In any case, panic is not part of what she’s eager to tell clients to do. Still, some family businesses are taking the disruption caused by the coronavirus and its potentially detrimental influence on the economy as a reason for reassessment.

Jeff Savlov.

“For some, they’re more comfortable putting plans on hold until they figure out what the next few months will look like,” she said. “It’s a hard time for business owners, especially those who decided maybe 10 years ago to put off retirement, when the economy was in bad shape. With things looking good, it seemed like the right time to finalize this planning. Now, things are somewhat shaky.”

Sometimes years precede a longtime family business owner executing a plan to pass the leadership reins off to the next generation. If a business has done what’s necessary to put a succession plan in place, family business experts say there’s no need to rush into it if the timing doesn’t feel right.

But not all experts agree whether the timing is in question right now.

Jeff Savlov, a family business and wealth consultant, told ROI-NJ in an email that he hasn’t heard much in the way of concern from clients.

“If anything, they think it is overblown,” he said. “They are growing their businesses and thinking about transitioning to the next generation in terms of developing family talent and family owners. This is not on their radar.”

Savlov, founder of Highland Park-based Blum & Savlov LLP, did give the caveat that it might be that his current stable of clients are not dealing in industries that would be more heavily affected.

Alan Sobel.

Alan Sobel, who deals with a wide range of family-run business clients as managing member of Livingston-based SobelCo, has found the current level of concern does tend vary from one industry to the next.

“We do have clients that will be potentially more impacted than others — those sourcing products from China are concerned about being able to maintain a flow of inventory,” he said. “And some sell to China, which also could present significant challenges.”

Sobel and his team have been busy measuring the exposure and risks for these businesses, as well as helping them find a supply chain alternative when there is one. Some clients were already in the middle of that, given the U.S.-China trade war.

For any other private enterprise — especially those that rely on profit margins to support their family — a moment of shakiness in the economy is a time that business advisers expect clients will do some amount of introspection.

“What this might raise the specter of … is whether too much financial risk is concentrated in your family business,” Sobel said. “On the other side, people may be looking at the stock market and thinking, ‘What are we going to do with our money, anyway?’”

Daniel Geltrude.

Daniel Geltrude of the Nutley-based accounting firm Geltrude & Co. LLC, said that, even for a family business that’s part of a supply chain that includes products from China or other places weighing coronavirus quarantines, concern is understandable — but no major decisions regarding a company’s future should be based on it.

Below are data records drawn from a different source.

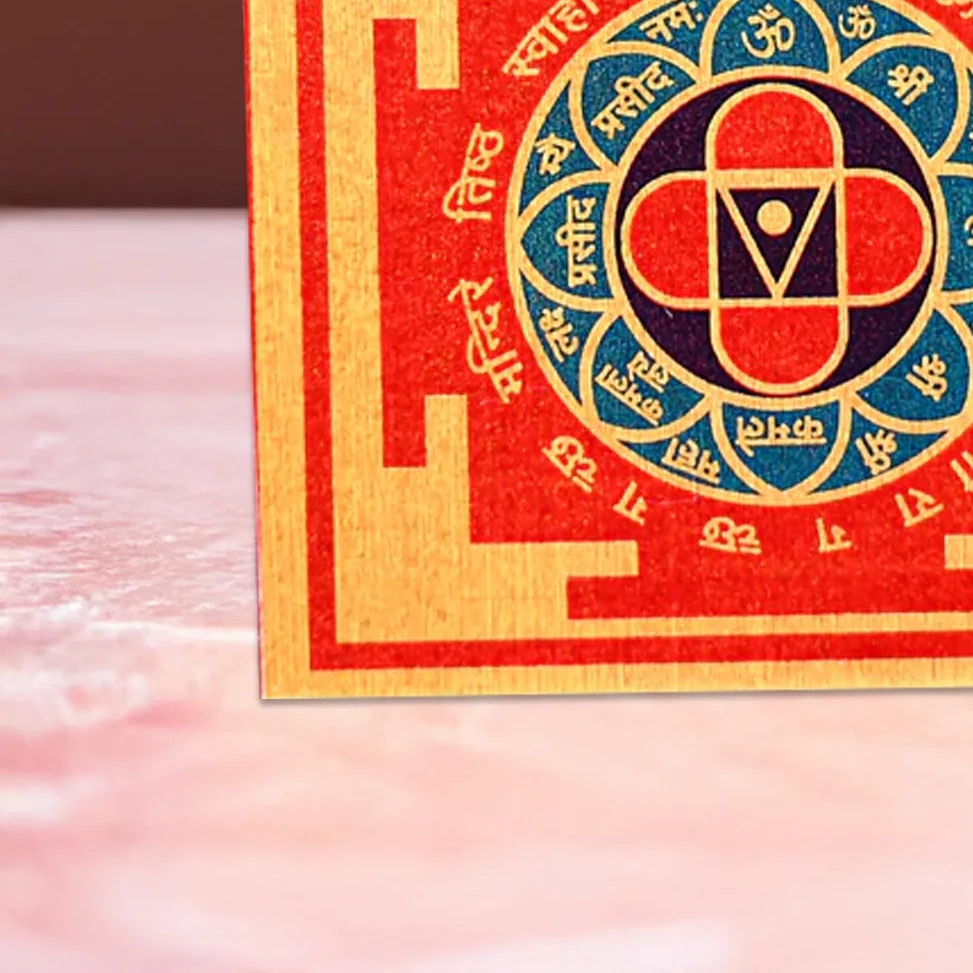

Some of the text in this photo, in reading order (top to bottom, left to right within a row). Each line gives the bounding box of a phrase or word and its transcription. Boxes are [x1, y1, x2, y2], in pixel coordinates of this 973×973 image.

[741, 4, 795, 58] ॐ
[839, 5, 875, 39] ॐ
[591, 61, 674, 139] प्रसीद
[442, 123, 504, 223] तिष्ठ
[555, 195, 597, 288] प्रसीद
[735, 416, 827, 456] कमले
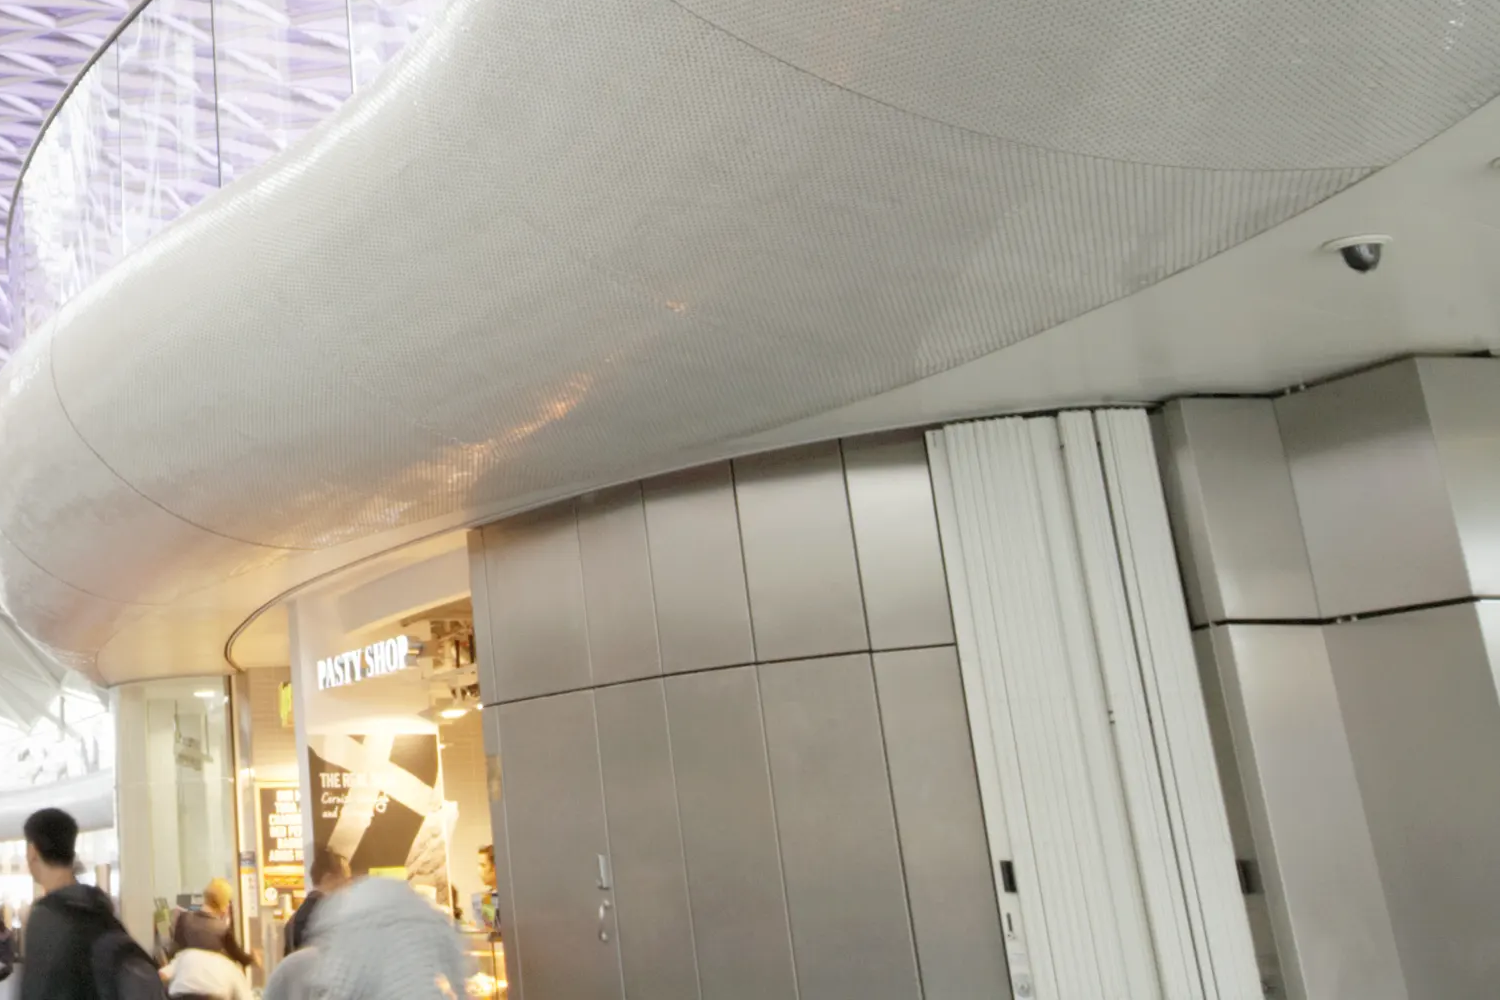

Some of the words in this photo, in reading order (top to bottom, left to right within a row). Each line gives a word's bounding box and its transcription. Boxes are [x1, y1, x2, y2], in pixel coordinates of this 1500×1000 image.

[317, 648, 362, 690] PASTY
[365, 634, 408, 677] SHOP
[320, 772, 341, 788] THE

“It’s fear that’s currently driving what’s happening in the market, because the numbers thus far are just not there for this to have the massive economic impact we’re seeing it expected to have,” he said. “This is largely emotion. … Do you ever really make good decisions when you’re emotional?”

In fact, Geltrude thinks there might be more good than bad in the current news cycle for local midsized businesses.

“Interest rates coming down means borrowing is getting cheaper,” he said. “That’s not great news for lenders, but it is good news for consumers. Businesses should be looking at their debt structure and potentially shopping it out to get better deals.”

A lot of how optimistic family businesses can remain depends on what news there is to come on the virus that could potentially be declared a pandemic.

And it’s health officials, not family business advisers, who will have more to say about that.

“For now, plan for the worst, hope for the best,” Sobel said. “That’s really the best you can do.”